Saved data entries
╔══
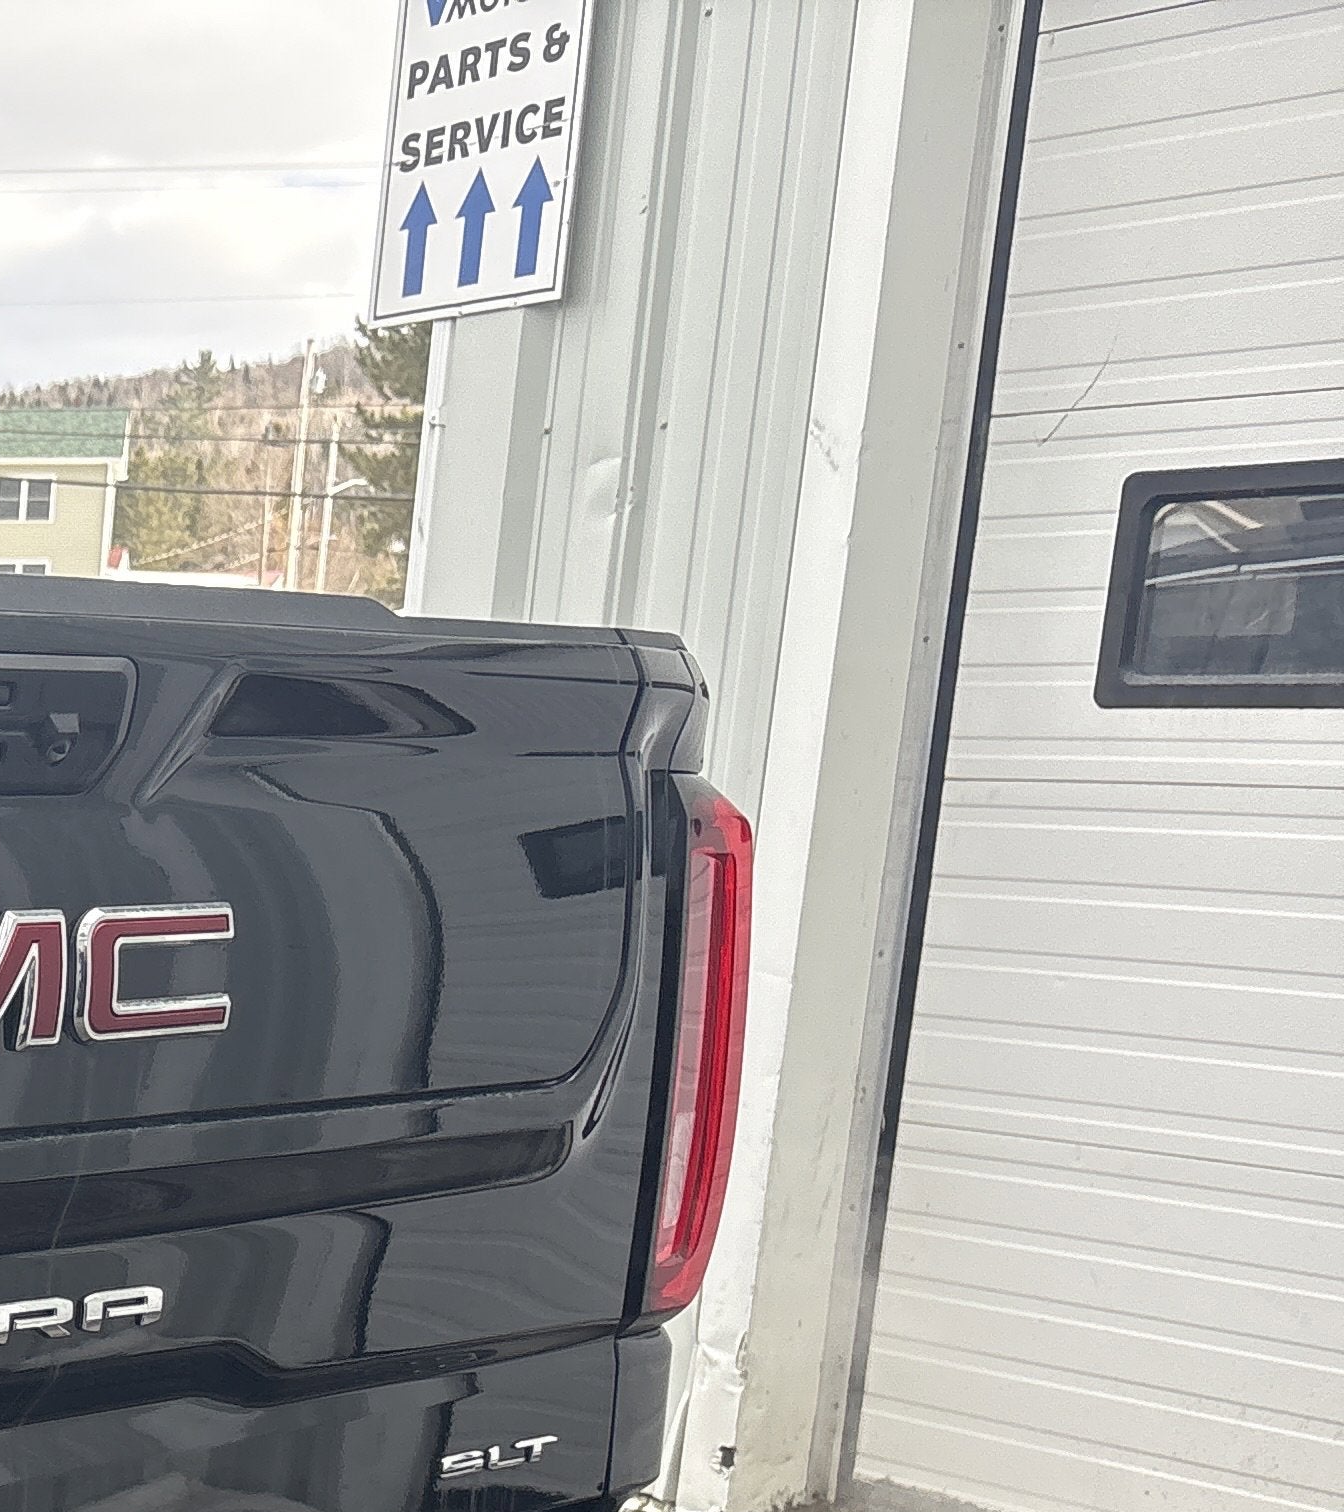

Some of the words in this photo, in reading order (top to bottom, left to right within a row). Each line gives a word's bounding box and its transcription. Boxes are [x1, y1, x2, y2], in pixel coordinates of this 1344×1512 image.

[406, 32, 531, 100] PARTS
[542, 22, 570, 63] &
[399, 96, 566, 173] SERVICE
[439, 1434, 559, 1479] SLT
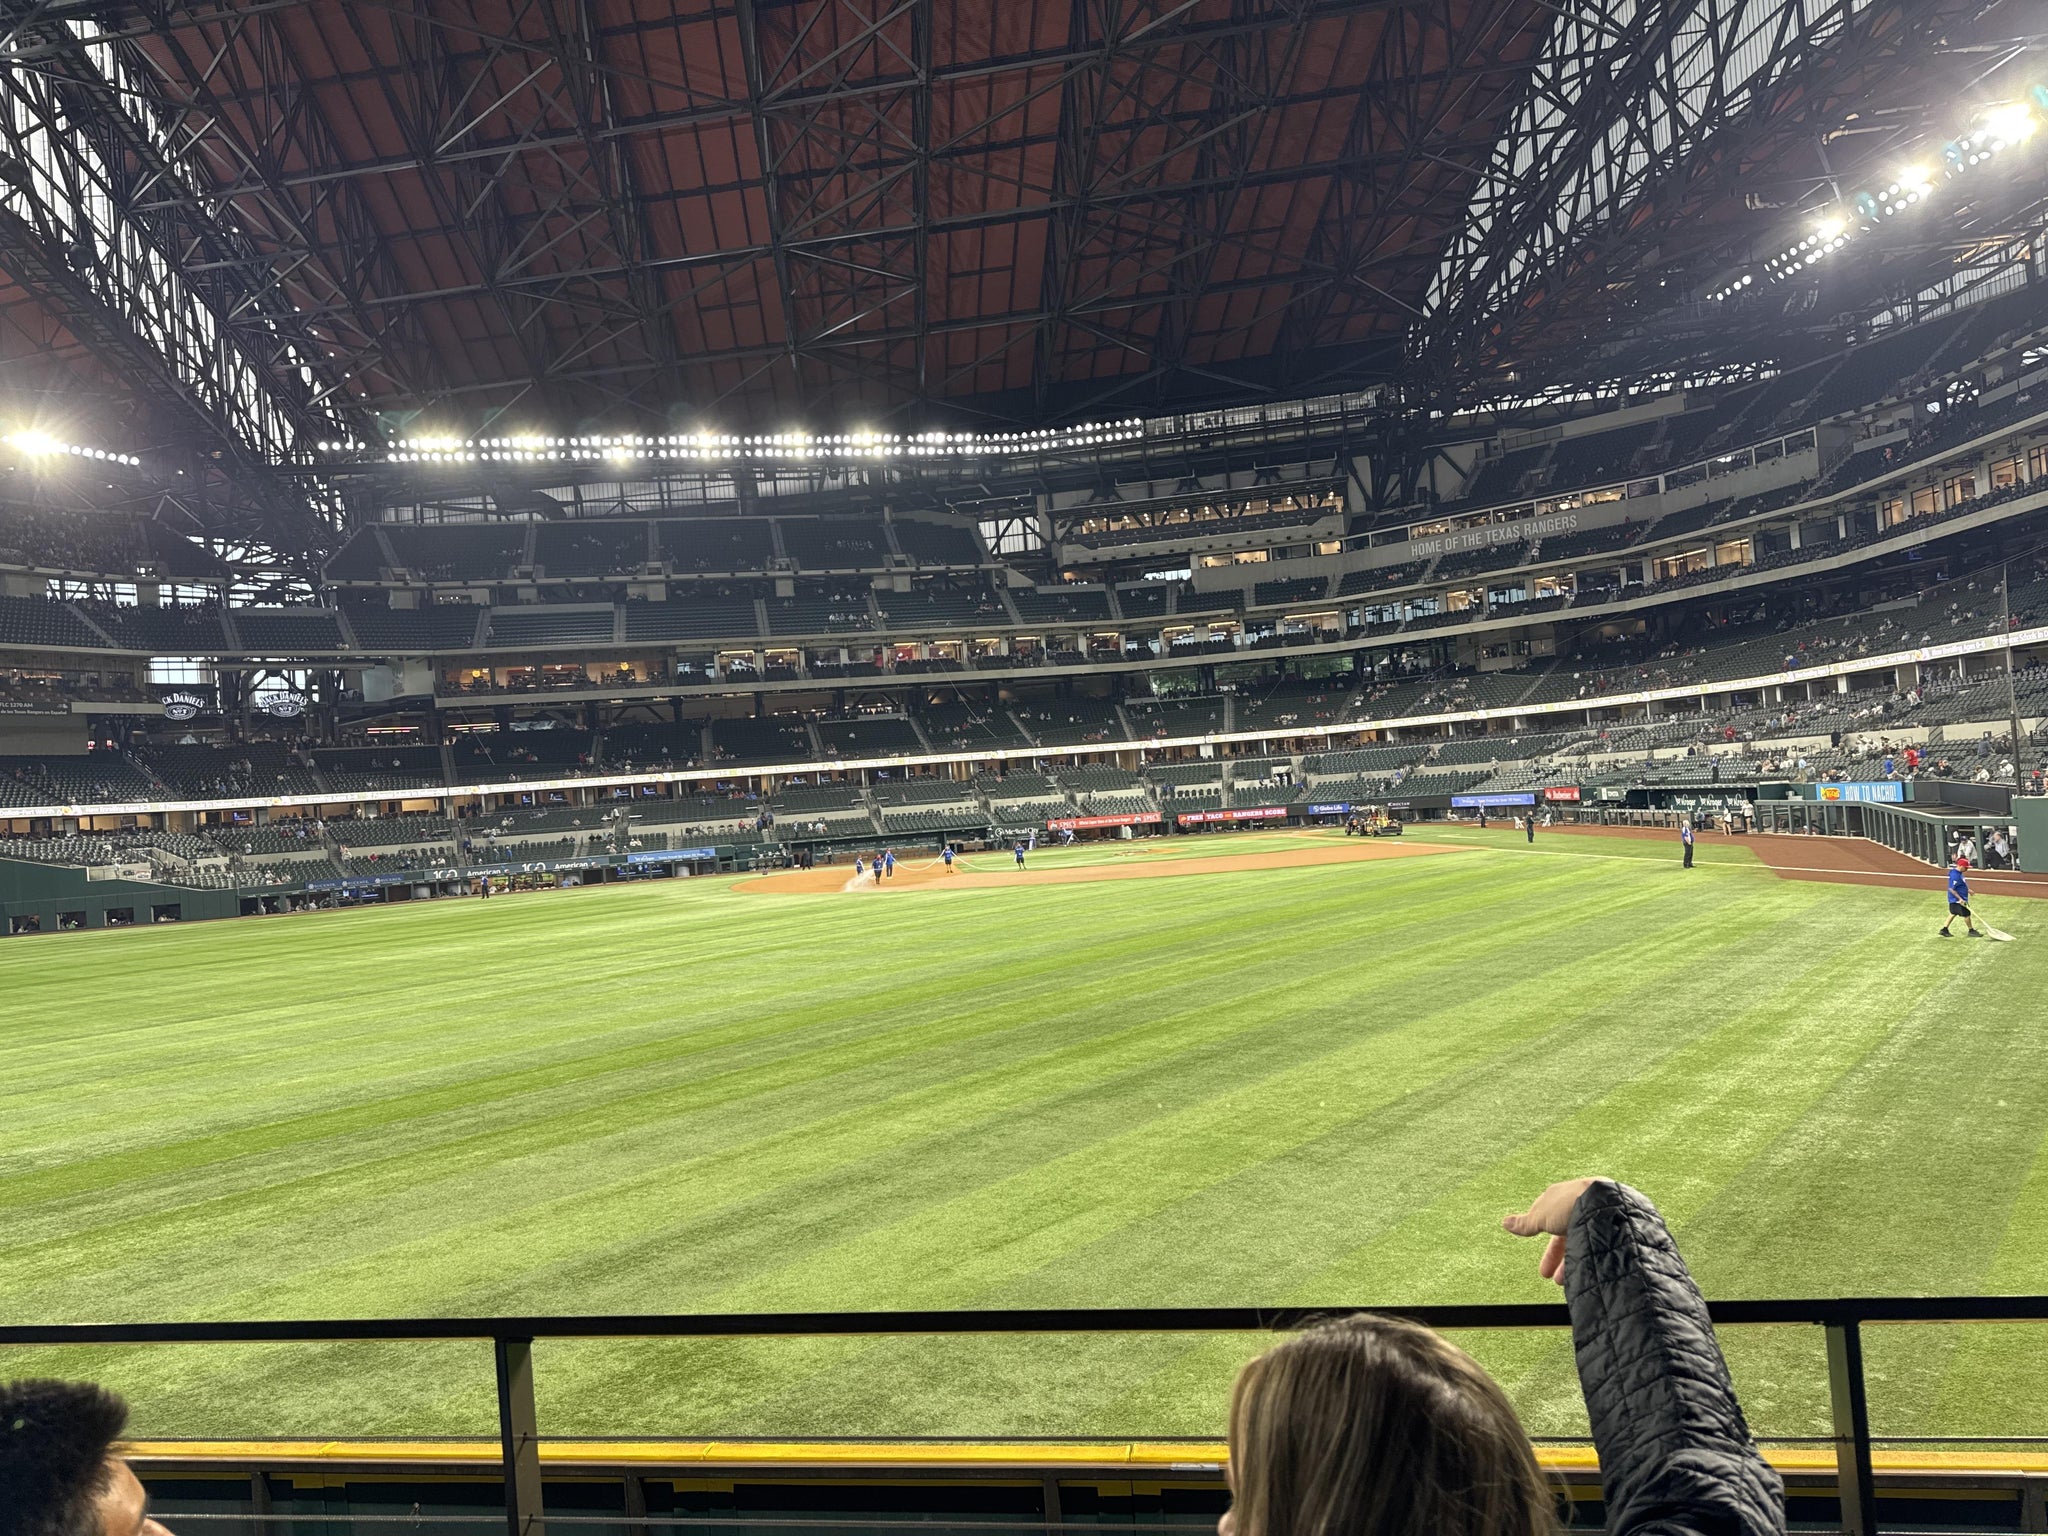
╚══
Could you output every record above exactly as it appears, without the pictures?

- Finished task -
Some of the words in this photo, in reading order (top to bottom, left to right within a row). Each line gives a word's bounding box and its transcription. Boxes are [x1, y1, x2, y2], in pixel coordinates of this 1344×1512 image.

[406, 32, 531, 100] PARTS
[542, 22, 570, 63] &
[399, 96, 566, 173] SERVICE
[439, 1434, 559, 1479] SLT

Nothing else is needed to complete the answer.